* **What you are asked to do**
Copy all entries exactly, and wherever an entry holds a picture, leave that picture out.

* **Data to use**
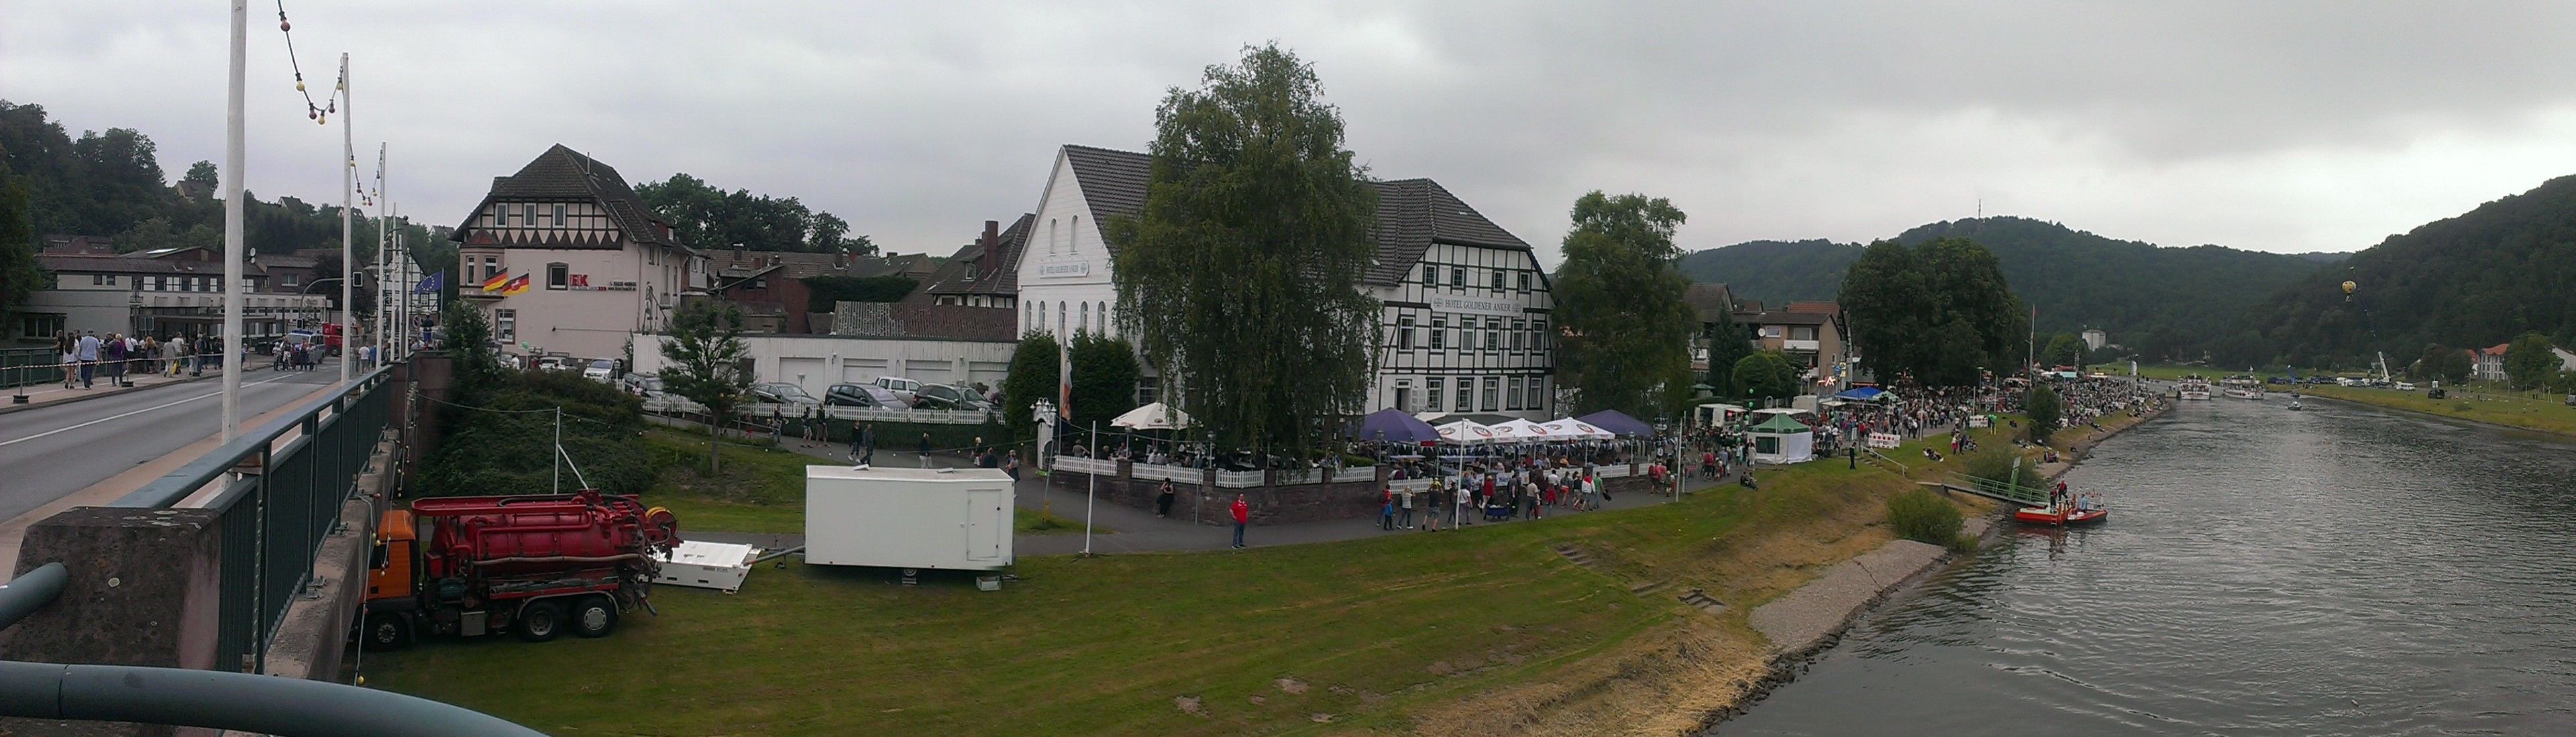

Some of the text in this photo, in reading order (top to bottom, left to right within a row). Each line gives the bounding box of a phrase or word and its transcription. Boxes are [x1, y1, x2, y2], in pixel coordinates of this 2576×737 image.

[1445, 299, 1511, 312] HOTEL GOLDENER ANKER
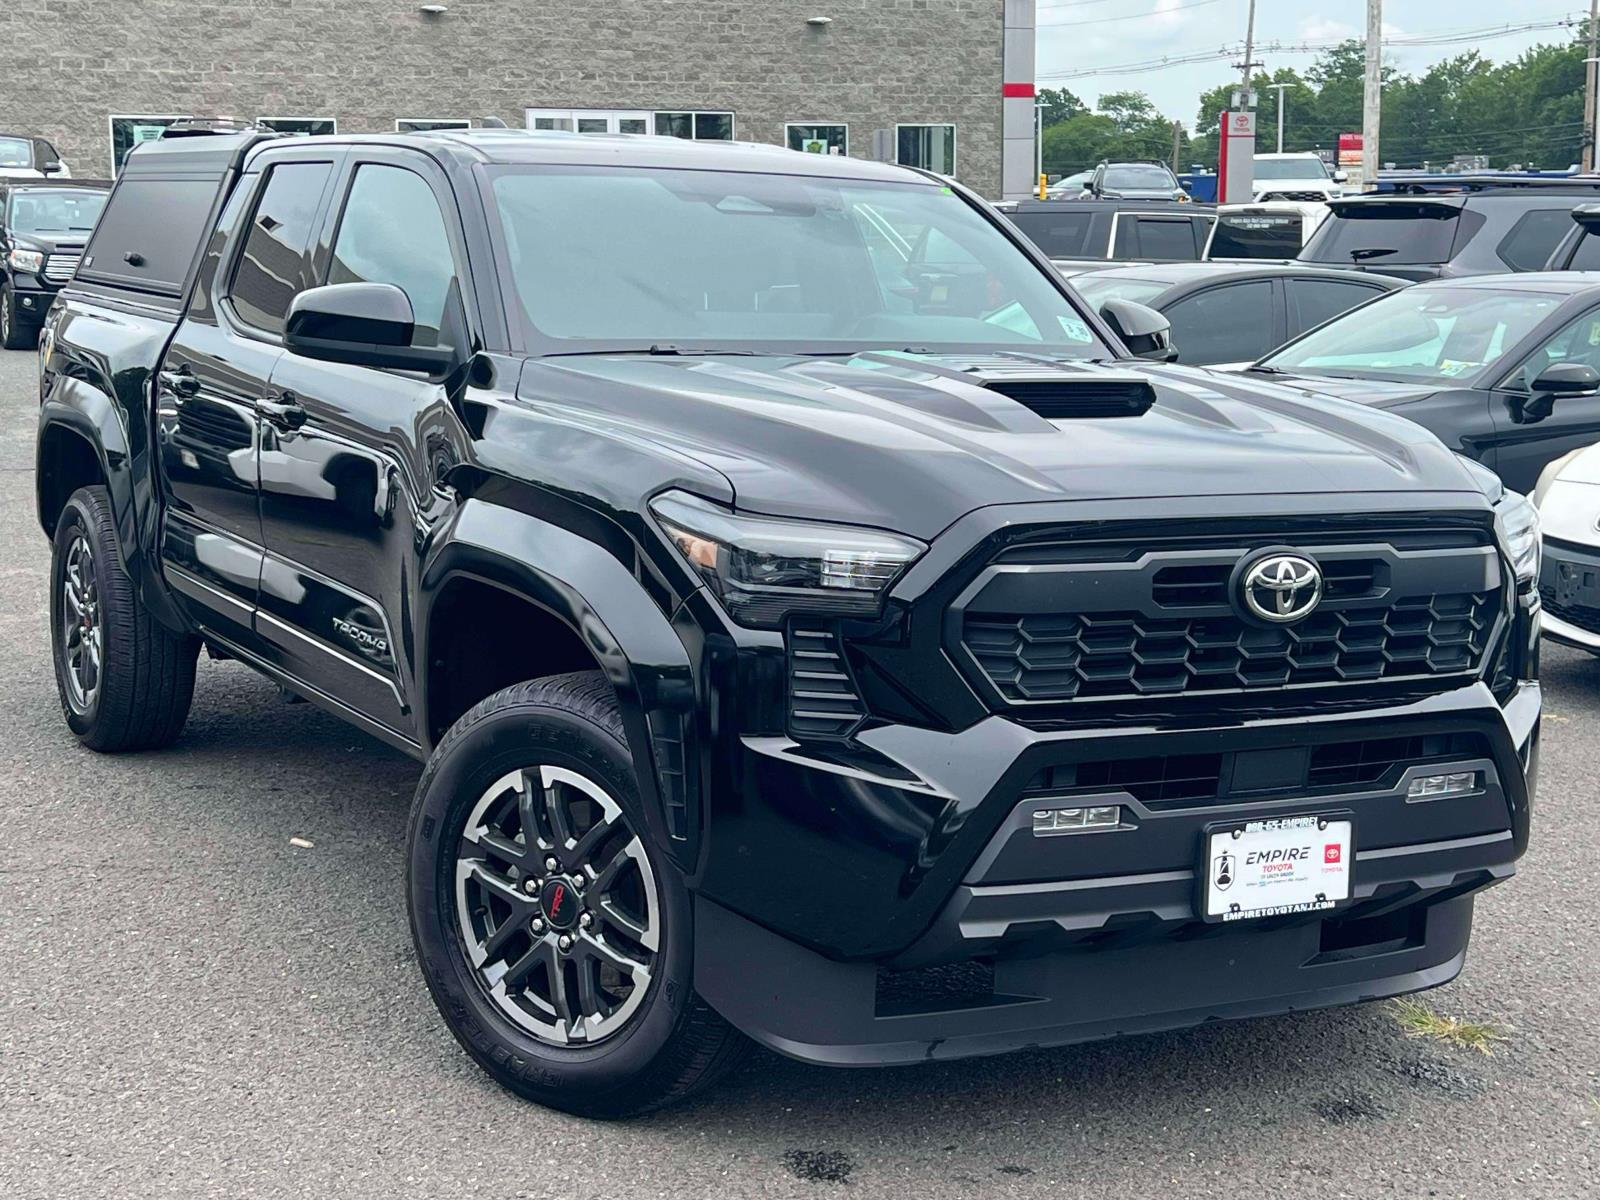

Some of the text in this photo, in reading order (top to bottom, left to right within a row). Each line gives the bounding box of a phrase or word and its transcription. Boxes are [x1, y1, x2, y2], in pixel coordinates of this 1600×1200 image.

[1246, 846, 1311, 865] EMPIRE
[1263, 863, 1293, 873] TOYOTA
[1223, 900, 1335, 921] EMPIRETOYOTANJ.COM

* **Exercise response**
Some of the text in this photo, in reading order (top to bottom, left to right within a row). Each line gives the bounding box of a phrase or word and its transcription. Boxes are [x1, y1, x2, y2], in pixel coordinates of this 2576×737 image.

[1445, 299, 1511, 312] HOTEL GOLDENER ANKER

Some of the text in this photo, in reading order (top to bottom, left to right within a row). Each line gives the bounding box of a phrase or word and its transcription. Boxes are [x1, y1, x2, y2], in pixel coordinates of this 1600×1200 image.

[1246, 846, 1311, 865] EMPIRE
[1263, 863, 1293, 873] TOYOTA
[1223, 900, 1335, 921] EMPIRETOYOTANJ.COM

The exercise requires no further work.